Directions>
What you return should match the data below exactly, with no pictures in it.
*** Available records ***
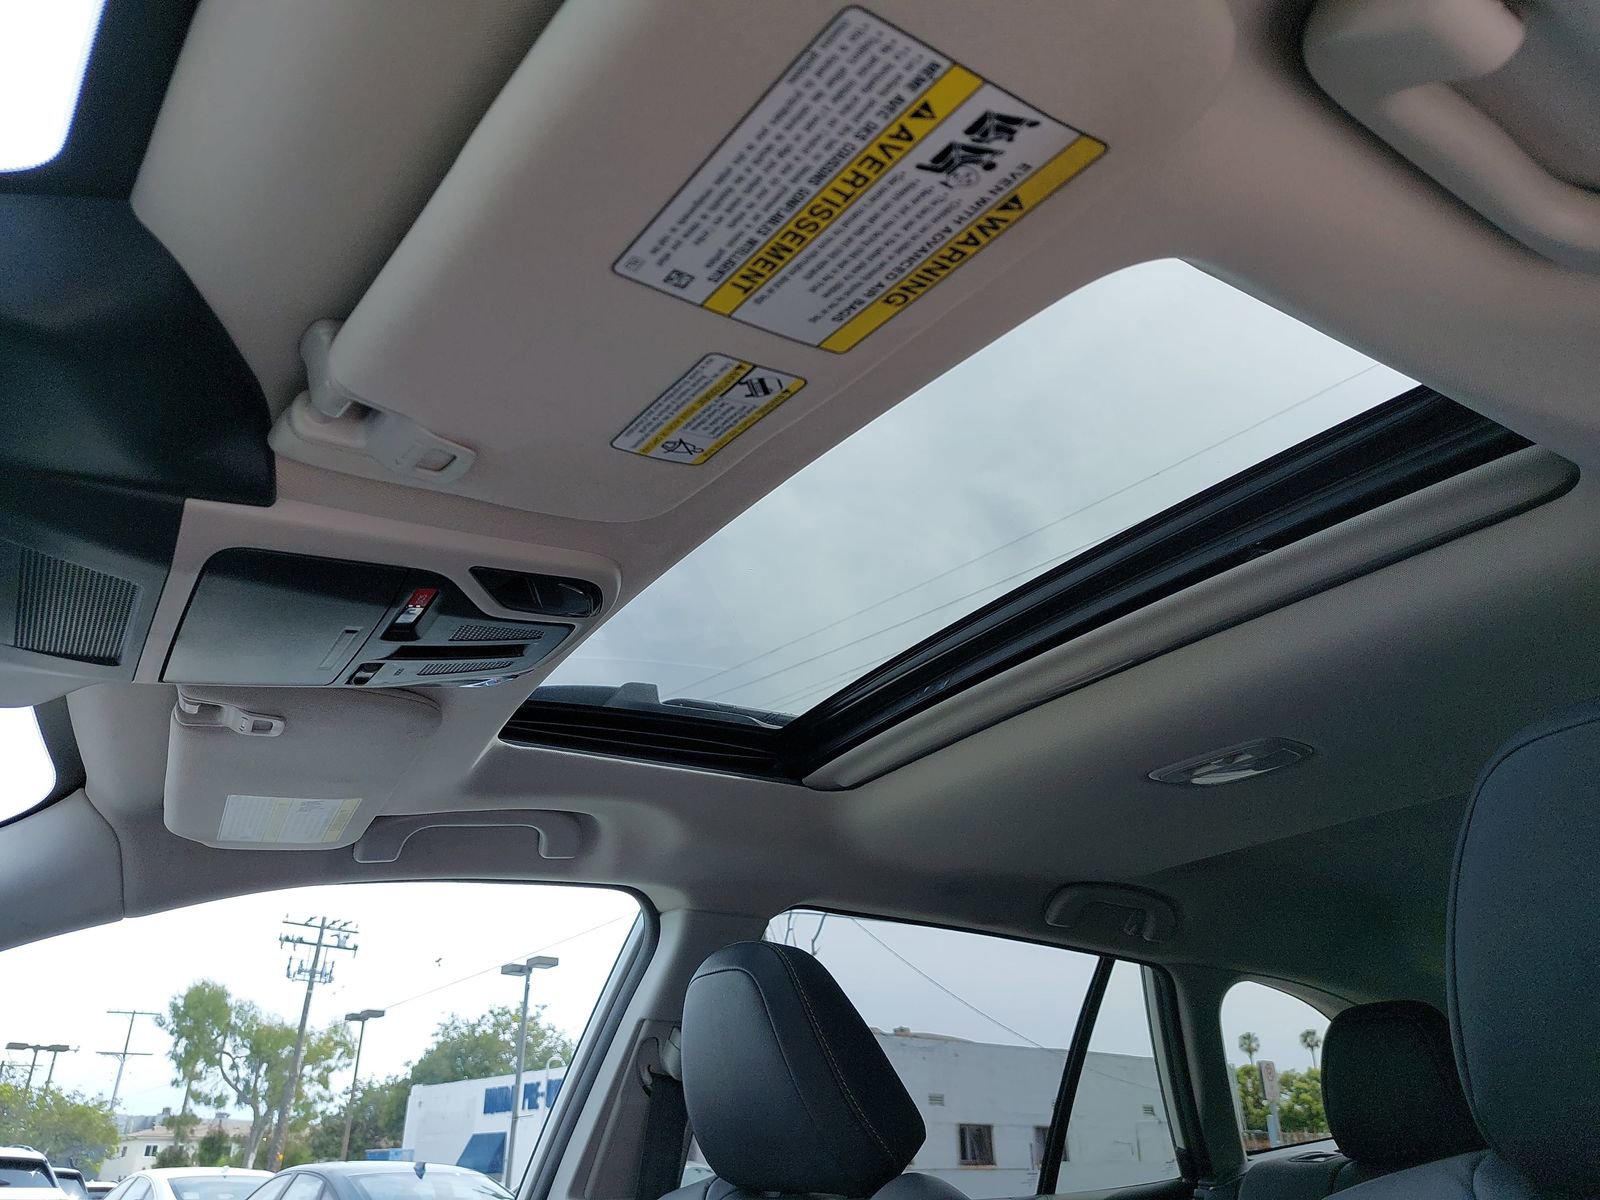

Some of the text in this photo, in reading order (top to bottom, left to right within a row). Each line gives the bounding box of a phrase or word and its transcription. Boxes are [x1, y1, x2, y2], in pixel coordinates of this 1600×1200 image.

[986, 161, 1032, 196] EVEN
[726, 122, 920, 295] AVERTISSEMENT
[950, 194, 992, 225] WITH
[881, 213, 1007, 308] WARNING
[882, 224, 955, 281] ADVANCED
*** End of Available records ***
Response>
Some of the text in this photo, in reading order (top to bottom, left to right within a row). Each line gives the bounding box of a phrase or word and its transcription. Boxes are [x1, y1, x2, y2], in pixel coordinates of this 1600×1200 image.

[986, 161, 1032, 196] EVEN
[726, 122, 920, 295] AVERTISSEMENT
[950, 194, 992, 225] WITH
[881, 213, 1007, 308] WARNING
[882, 224, 955, 281] ADVANCED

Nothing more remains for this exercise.